Ok, not really. The downgrade doesn't really mean a thing in the short term, but the markets sure didn't think so. Why, I myself lost...well, nothing cause I'm poor, but I'm sure someone lost some imaginary wealth, somewhere. I hope it wasn't the exact amount we would have collected this year had the Bush Tax Cuts been allowed to expire last year. That would be too much irony for one week.

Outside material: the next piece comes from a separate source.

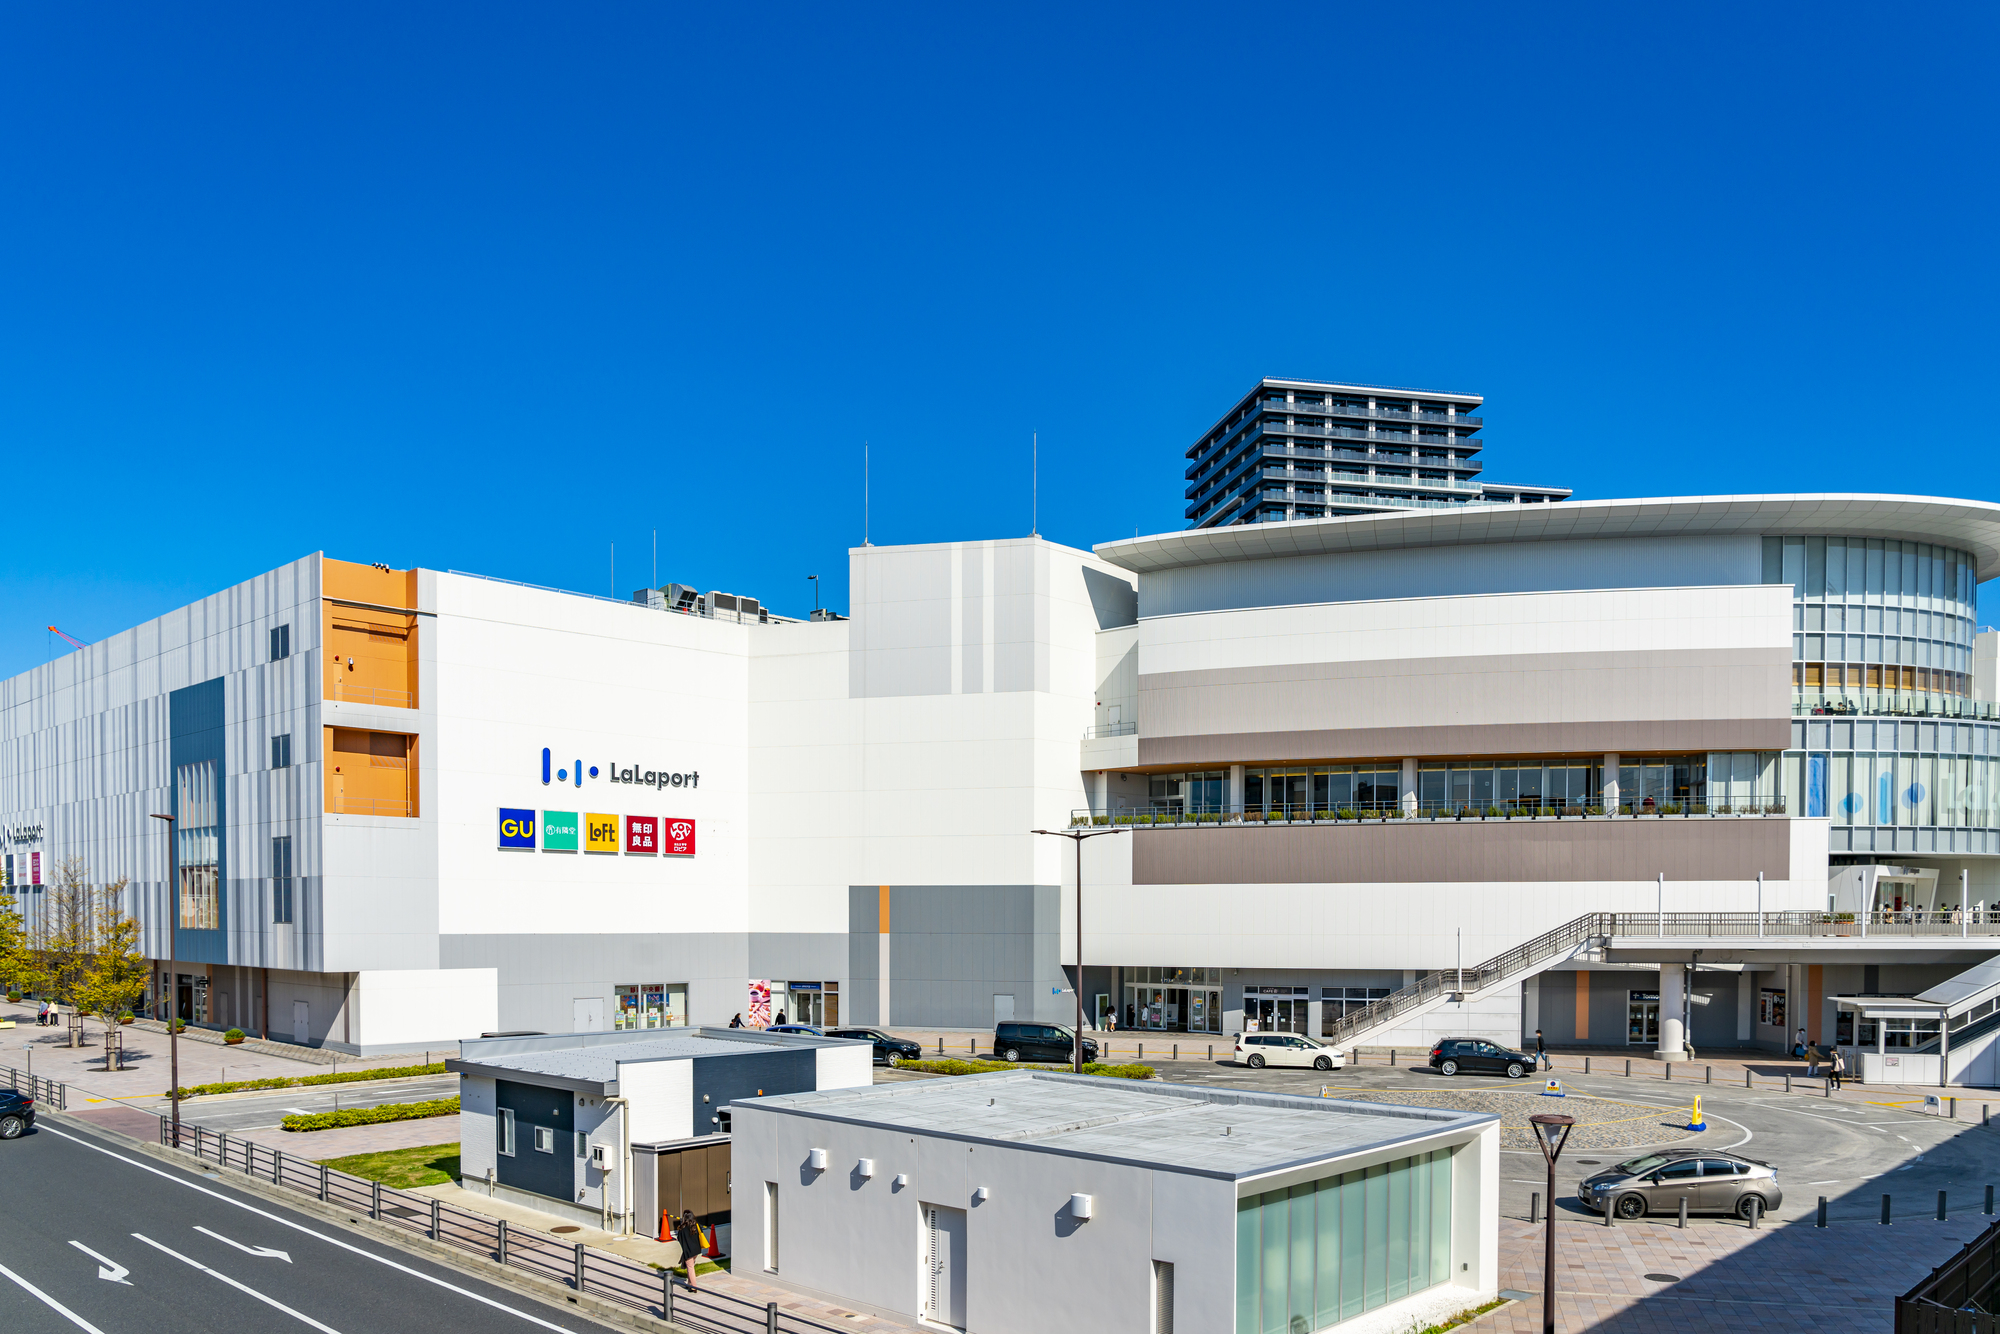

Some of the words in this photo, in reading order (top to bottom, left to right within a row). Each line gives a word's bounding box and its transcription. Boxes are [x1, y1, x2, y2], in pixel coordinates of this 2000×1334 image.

What was I saying? Oh. That by acting like such dicks and forcing the House and Senate to work so long to produce a bill which does about "this much" shy of "not a Goddamned thing", the Republicans have forced our Government's inability to seek meaningful agreement on matters of governance to the forefront of the world's consciousness. They never gave a shit before (truth is, they don't give a shit, now, they're still gonna buy our T-bills and bonds and whatever the Hell else we sell to finance our debt. We're still the US of fuckin' A, after all, and our money's still the best there is for international trade), but now they can honestly pretend to be thinkin' about pickin' up some of those tres cool les obligations plus onéreux from the French, instead. It's just another morale hit when morale is about all we got.

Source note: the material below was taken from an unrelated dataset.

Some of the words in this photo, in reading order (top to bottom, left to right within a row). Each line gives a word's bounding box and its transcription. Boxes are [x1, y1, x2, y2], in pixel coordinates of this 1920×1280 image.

S&P (who, by the way, were the same rating authority that gave those shit sandwich "bundled mortgage securities" that sunk the world economy in the first place a "AAA" rating. Motherfuckers) said that the main reason for their downgrade of our rating was because of the Republicans' "complete and total resistance to any revenue increase" (that's not a quote, this isn't a fuckin' MLA-compliant research paper. I think I can put punctuation anywhere I damn well please. I'm not the only one, apparently. Have you seen what the Internet has done to the American public's understanding of the apostrophe?). They (the Republicans) are so opposed to raising taxes that even the company too stupid to see that taking a bunch of shitty mortgages and putting them in a pile with a bunch of other, shittier mortgages did NOT make them not less shitty (if anything it made them shittier by association!) think that the Republicans are stupid. That's saying a lot. These very same mathematically-impaired motherfuckers are themselves so horrible with numbers that they miscounted our debt by two trillion dollars the other day! They are like Rain Main, if his ability was to be wrong all the time...
"No, Raymond. There are not 'two trillion, two hundred forty-six toothpicks' on the Goddamned table! That's impossible! Stop saying it!""
"There's two trillion four left in the box..."
"You're not helping!"
....these guys can't even drive slow on the driveway. That's at least a marketable skill.
Even with their inability to count to 15 and an institutional inability to know that "credit swaps" and "bundled mortgage securities" were a bad idea, they still think that the Republicans are a bunch of idiots so bound to their adherence to a "no tax" pledge ( is it legal to Pledge to something besides the Constitution when you're a public servant? It shouldn't be) that they put the "full faith and credit" of the United States of America on the chopping block.
It's better to be than to seem? No. I seem like an asshole. These guys? They are.